IBM researchers and partners proudly announce they've made world's first 7nm test chips. Made at the IBM/SUNY Polytechnic 300mm research facility in Albany, NY, this innovation was achieved in cooperation with GlobalFoundries, Samsung and SUNY (State University of New York).
In the photo below you can see SUNY's Michael Liehr, left, and IBM's Bala Haranand, right, holding a 300mm wafer containing world's first 7nm chips. Not only are these the first commercially viable sub-10nm logic chips, they're also the first FinFET chips to use silicon-germanium as the logic material and it appears they were manufactured using extreme ultraviolet (EUV) lithography.
Thanks to incredible tight stacking (30nm transistor pitch), IBM claims its 7nm process offers a chip area reduction of "close to 50 percent" versus today's 10nm processes. On top of this, Big Blue and its partners also promise "at least a 50 percent power/performance improvement for the next generation of systems" versus 10nm!
Technologically, SiGe and EUV are both very significant. SiGe has higher electron mobility than pure silicon, which makes it better suited for smaller transistors. The gap between two silicon nuclei is about 0.5nm: as the gate width gets ever smaller (about 7nm in this case), the channel becomes so small that the handful of silicon atoms can't carry enough current. By mixing some germanium into the channel, electron mobility increases, and adequate current can flow. Silicon generally runs into problems at sub-10nm nodes, and we can expect Intel and TSMC to follow a similar path to IBM, GlobalFoundries, and Samsung (aka the Common Platform alliance).
EUV lithography is an interesting one. Basically, as chip features get smaller, you need a narrower beam of light to etch those features accurately, or you need to use multiple patterning (which we won't go into here).

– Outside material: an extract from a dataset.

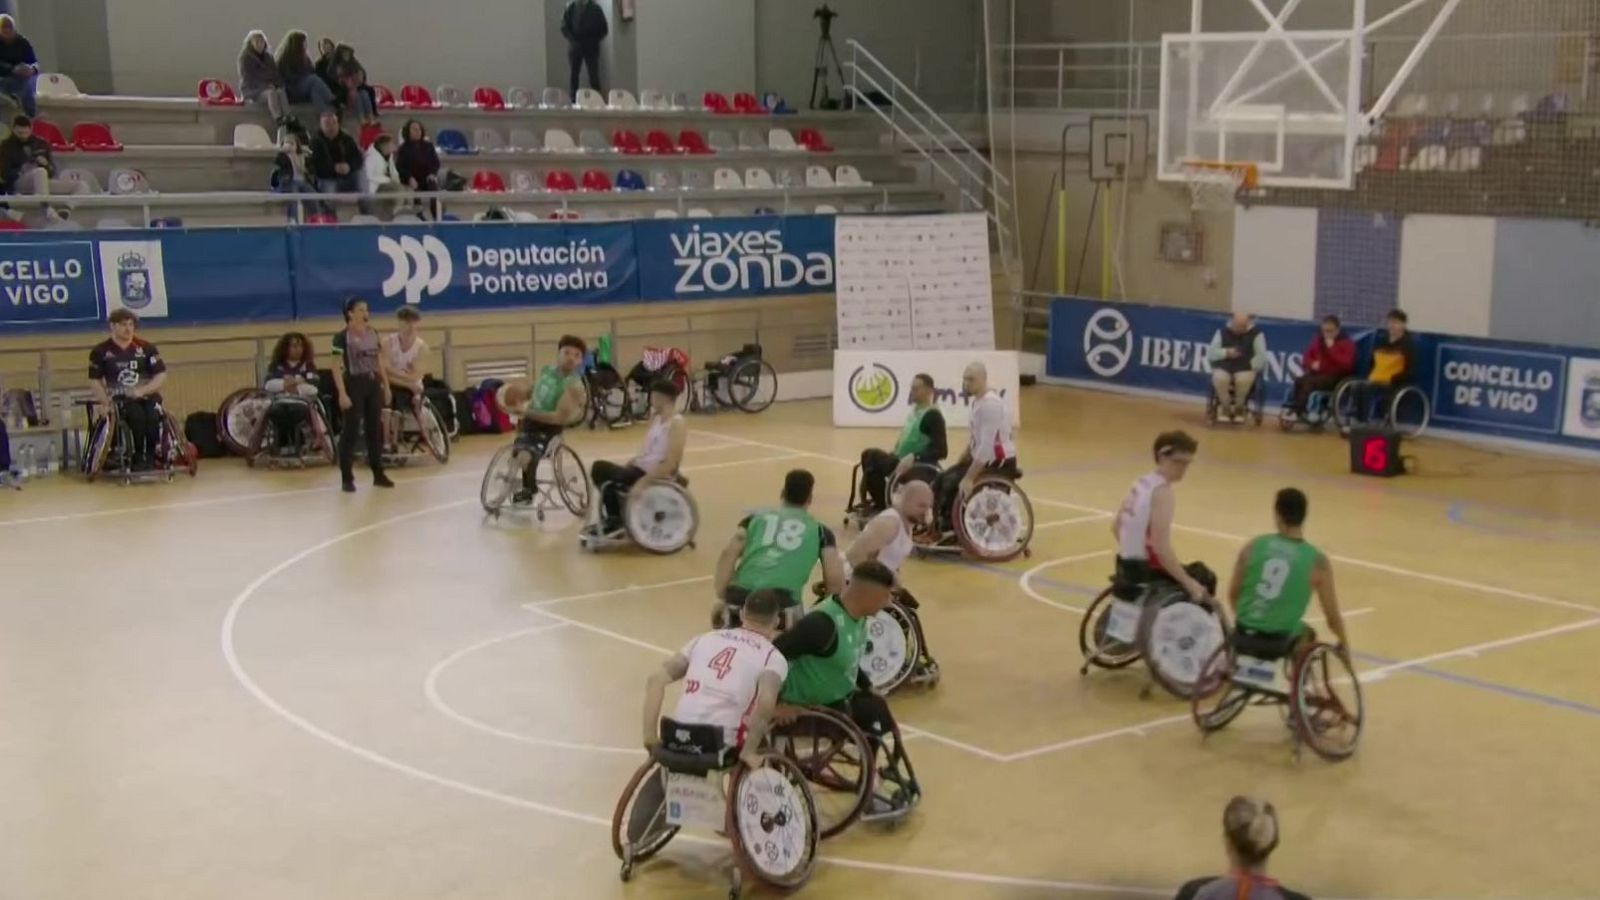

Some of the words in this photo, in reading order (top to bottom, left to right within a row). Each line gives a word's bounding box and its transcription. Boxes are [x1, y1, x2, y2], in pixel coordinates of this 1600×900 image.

The current state of the art for lithography is 193nm ArF (argon fluoride) laser; that is, the wavelength is 193nm wide. Complex optics and multiple painstaking steps are required to etch 14nm features using a 193nm light source. EUV has a wavelength of just 13.5nm, which will handily take us down into the sub-10nm realm, but so far it has proven very difficult and expensive to deploy commercially (it has been just around the corner for quite a few years now).
Mukesh V. Khare, IBM Research's top dog for sub-10nm processes, responded somewhat ambivalent to questions about the commercial viability of the proposed 7nm node. He didn't directly comment on the cost versus previous-gen nodes but said that the performance-per-cost trade-offs make it a viable technology. In the past switching to smaller nodes resulted in costs savings but this no longer seems to be a given past 28nm.
When we'll see 7nm chips is still somewhat of a mystery as there's a big difference between making a test wafer and achieving good yields on mass production. Intel, TSMC, GlobalFoundries and Samsung are currently getting 10nm ready for mass production but recent rumors claim difficulties with 10nm prompted Intel to come up with a 14nm Kaby Lake interim solution as it's delaying its 10nm Cannonlake.
The first chips made on 7nm may arrive in 2017/2018 but given the increasing complexity and the new technologies involved (EUV in particular) delays are likely.